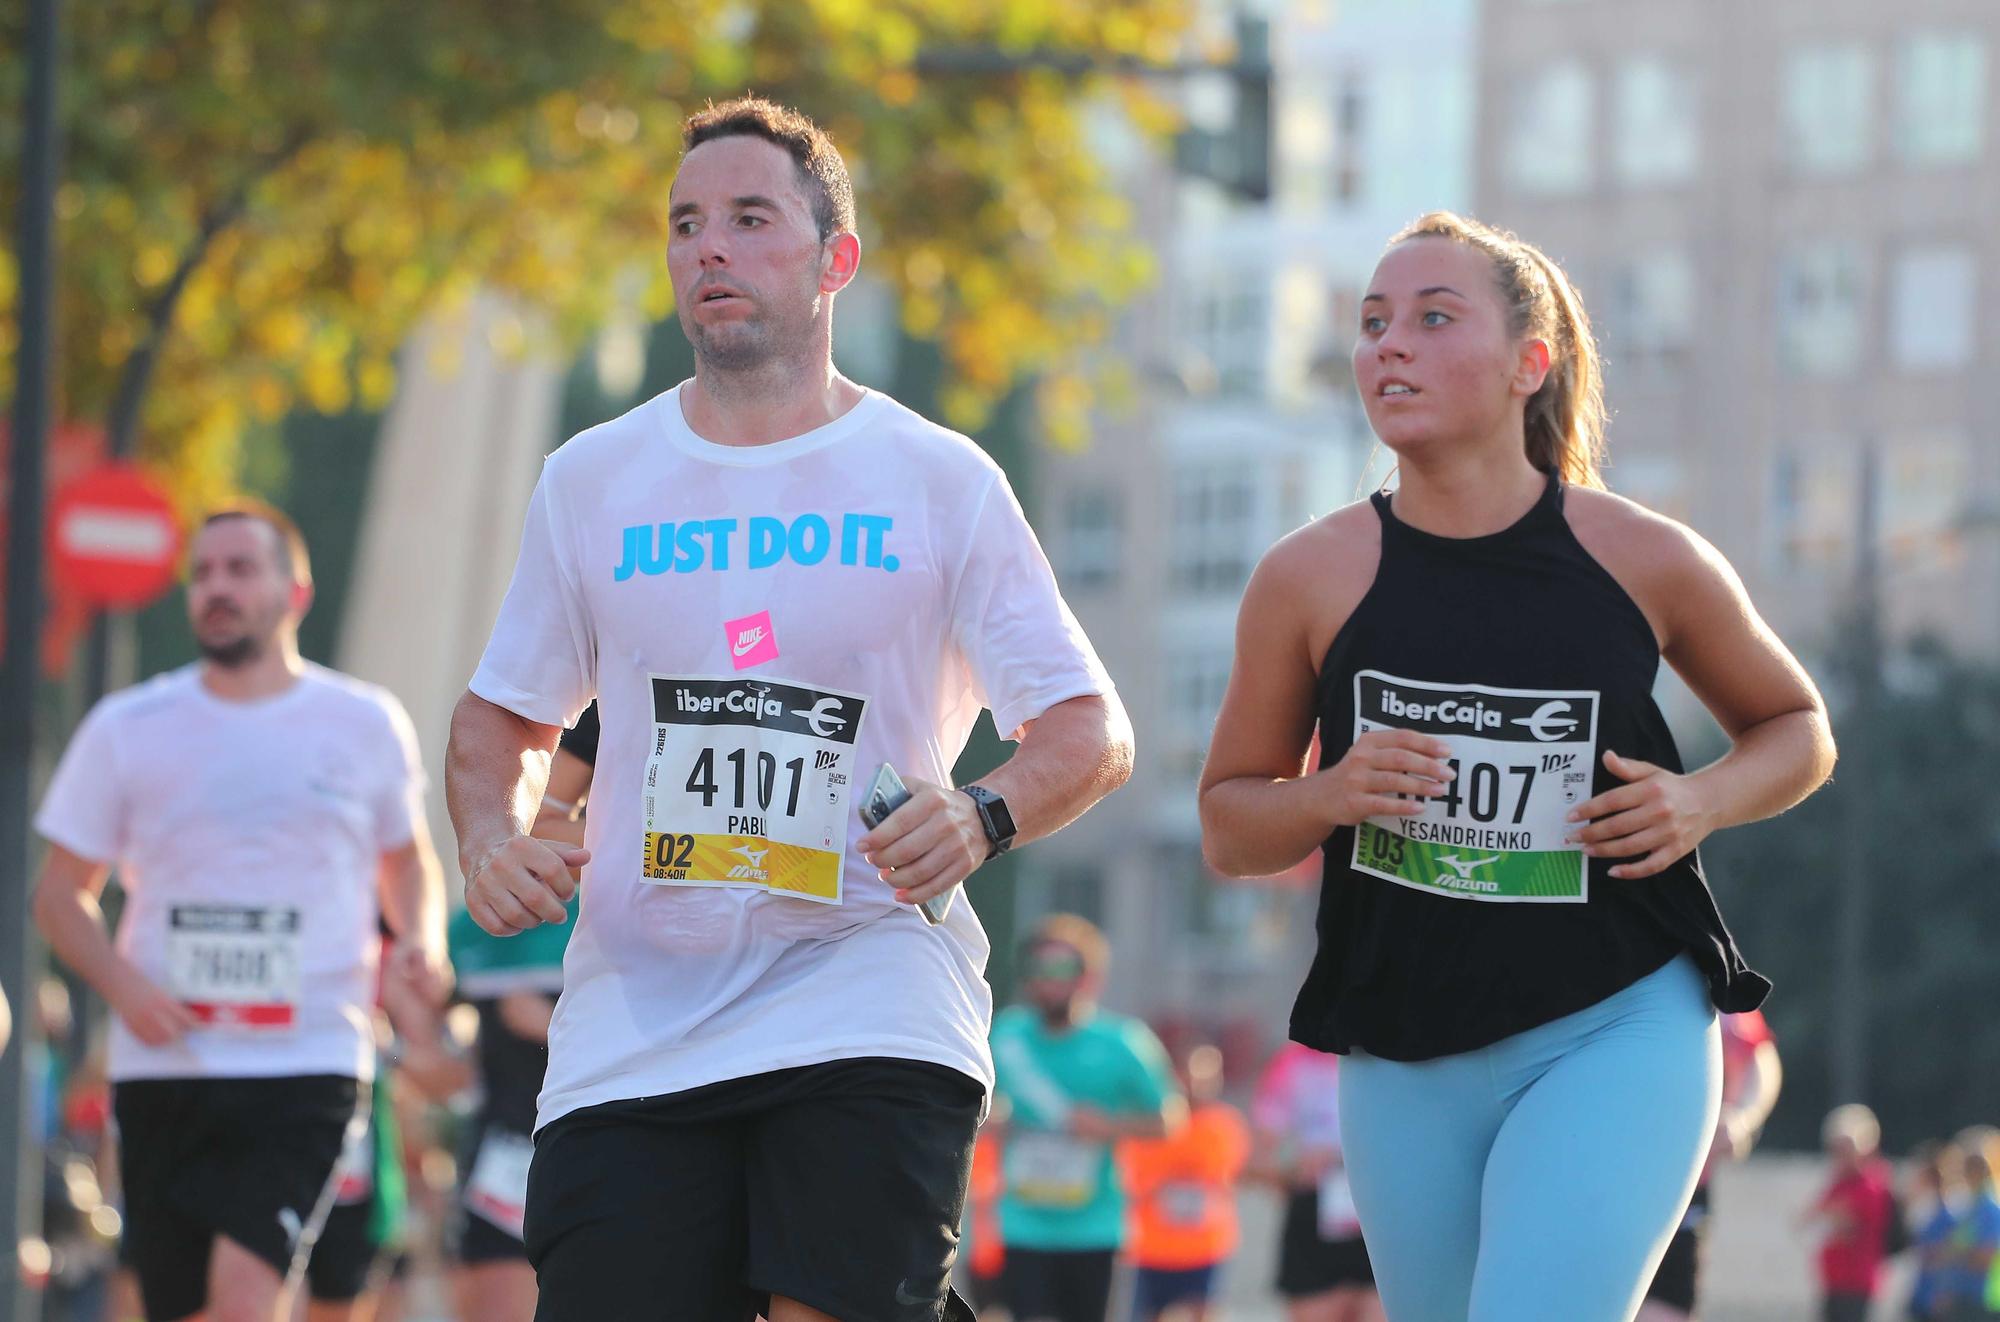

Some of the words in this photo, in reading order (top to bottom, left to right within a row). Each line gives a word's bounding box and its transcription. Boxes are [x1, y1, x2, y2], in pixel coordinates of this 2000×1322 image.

[614, 518, 737, 582] JUST
[748, 513, 831, 570] DO
[841, 513, 900, 573] IT.
[738, 625, 763, 645] NIKE
[675, 689, 783, 721] iberCaja
[1380, 689, 1503, 732] iberCaja
[655, 728, 667, 757] 226ERS
[685, 747, 804, 818] 4101
[1398, 758, 1536, 825] 407
[728, 815, 768, 837] PABL
[1398, 817, 1532, 851] YESANDRIENKO
[643, 832, 652, 878] SALIDA
[656, 833, 695, 868] 02
[1373, 828, 1405, 865] 03
[653, 867, 687, 880] 08:40H

● ● ● ● ● ● ●

■ **AIM OF THE EXERCISE**: Write out all the material verbatim, images excluded.

■ **FINAL ANSWER**:
Some of the words in this photo, in reading order (top to bottom, left to right within a row). Each line gives a word's bounding box and its transcription. Boxes are [x1, y1, x2, y2], in pixel coordinates of this 2000×1322 image.

[614, 518, 737, 582] JUST
[748, 513, 831, 570] DO
[841, 513, 900, 573] IT.
[738, 625, 763, 645] NIKE
[675, 689, 783, 721] iberCaja
[1380, 689, 1503, 732] iberCaja
[655, 728, 667, 757] 226ERS
[685, 747, 804, 818] 4101
[1398, 758, 1536, 825] 407
[728, 815, 768, 837] PABL
[1398, 817, 1532, 851] YESANDRIENKO
[643, 832, 652, 878] SALIDA
[656, 833, 695, 868] 02
[1373, 828, 1405, 865] 03
[653, 867, 687, 880] 08:40H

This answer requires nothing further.